**Data to process:**

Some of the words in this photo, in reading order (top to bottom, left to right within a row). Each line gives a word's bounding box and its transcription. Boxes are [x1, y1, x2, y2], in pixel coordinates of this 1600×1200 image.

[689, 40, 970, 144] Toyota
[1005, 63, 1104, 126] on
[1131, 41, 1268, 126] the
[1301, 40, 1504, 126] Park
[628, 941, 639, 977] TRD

--

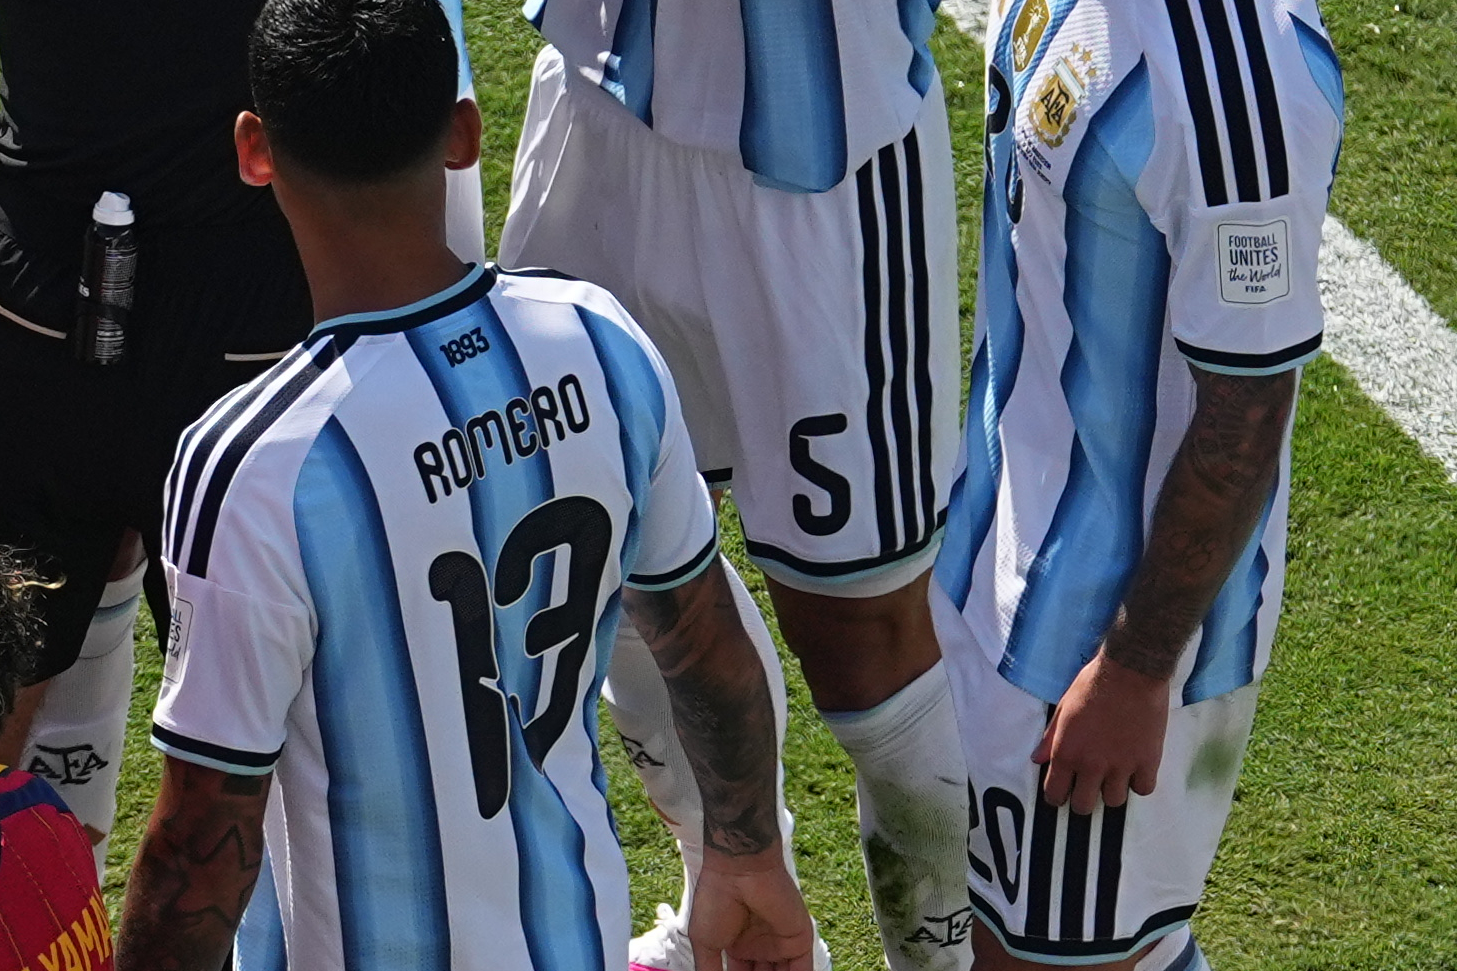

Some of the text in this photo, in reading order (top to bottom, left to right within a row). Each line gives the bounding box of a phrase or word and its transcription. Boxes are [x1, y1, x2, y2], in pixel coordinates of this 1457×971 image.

* * *

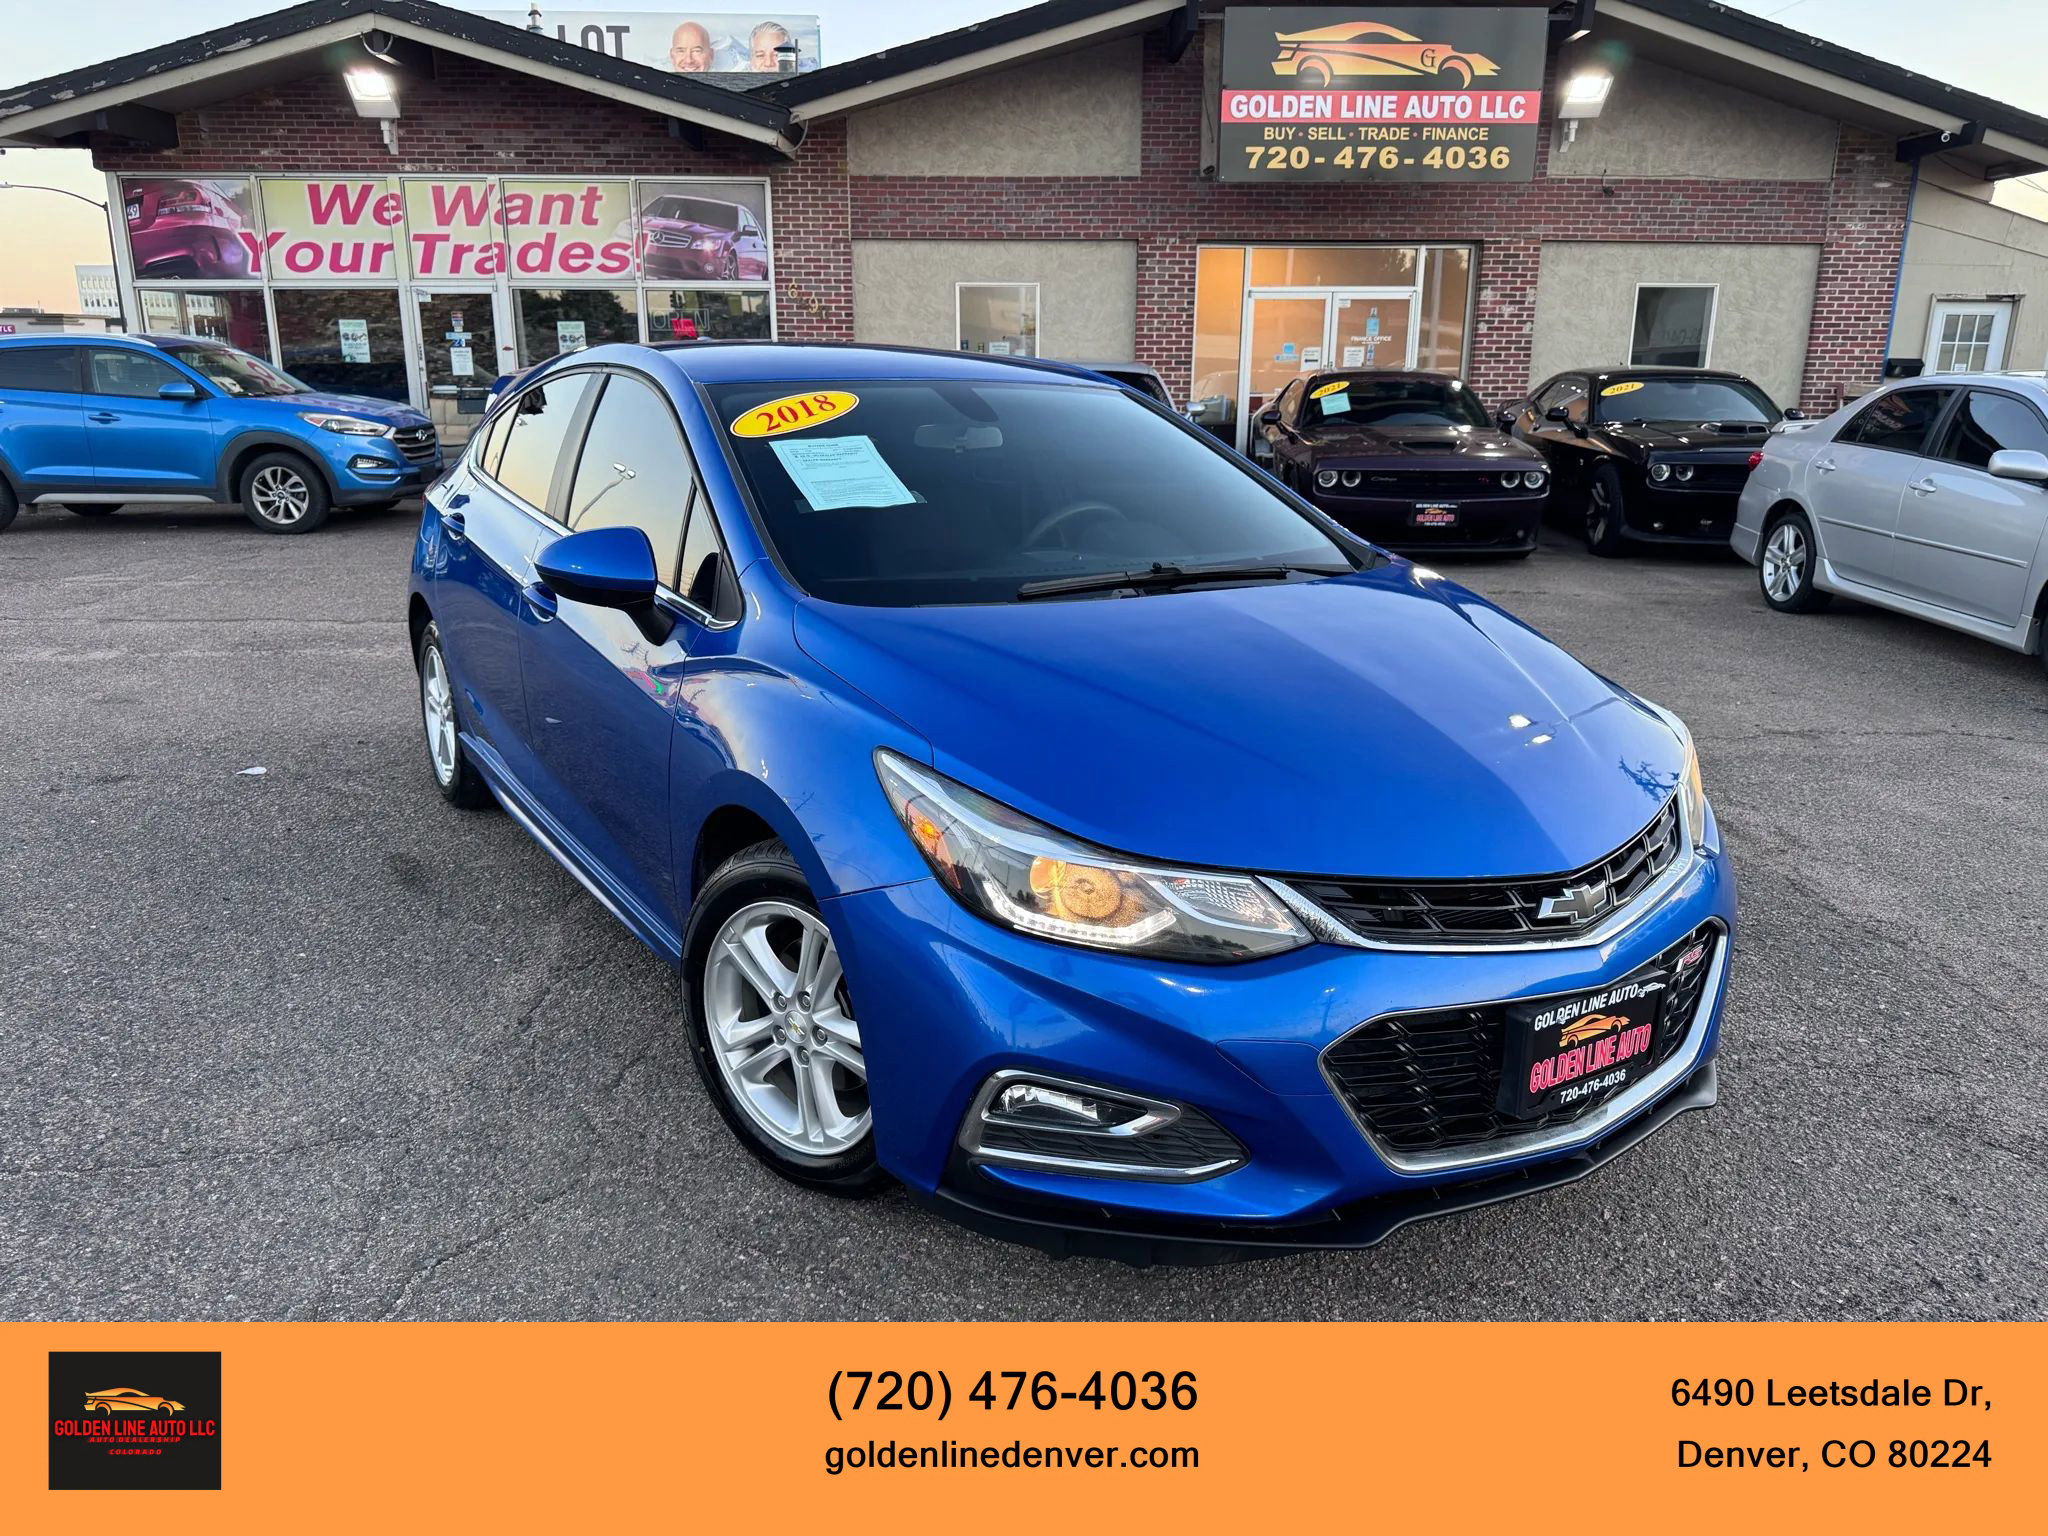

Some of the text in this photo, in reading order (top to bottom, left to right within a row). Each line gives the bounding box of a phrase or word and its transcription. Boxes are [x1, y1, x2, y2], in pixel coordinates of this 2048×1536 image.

**What to work on:** Read each line of the material, and wherever the word "text" turns up, copy that line.

**Solution:**
Some of the text in this photo, in reading order (top to bottom, left to right within a row). Each line gives the bounding box of a phrase or word and its transcription. Boxes are [x1, y1, x2, y2], in pixel coordinates of this 1457×971 image.
Some of the text in this photo, in reading order (top to bottom, left to right within a row). Each line gives the bounding box of a phrase or word and its transcription. Boxes are [x1, y1, x2, y2], in pixel coordinates of this 2048×1536 image.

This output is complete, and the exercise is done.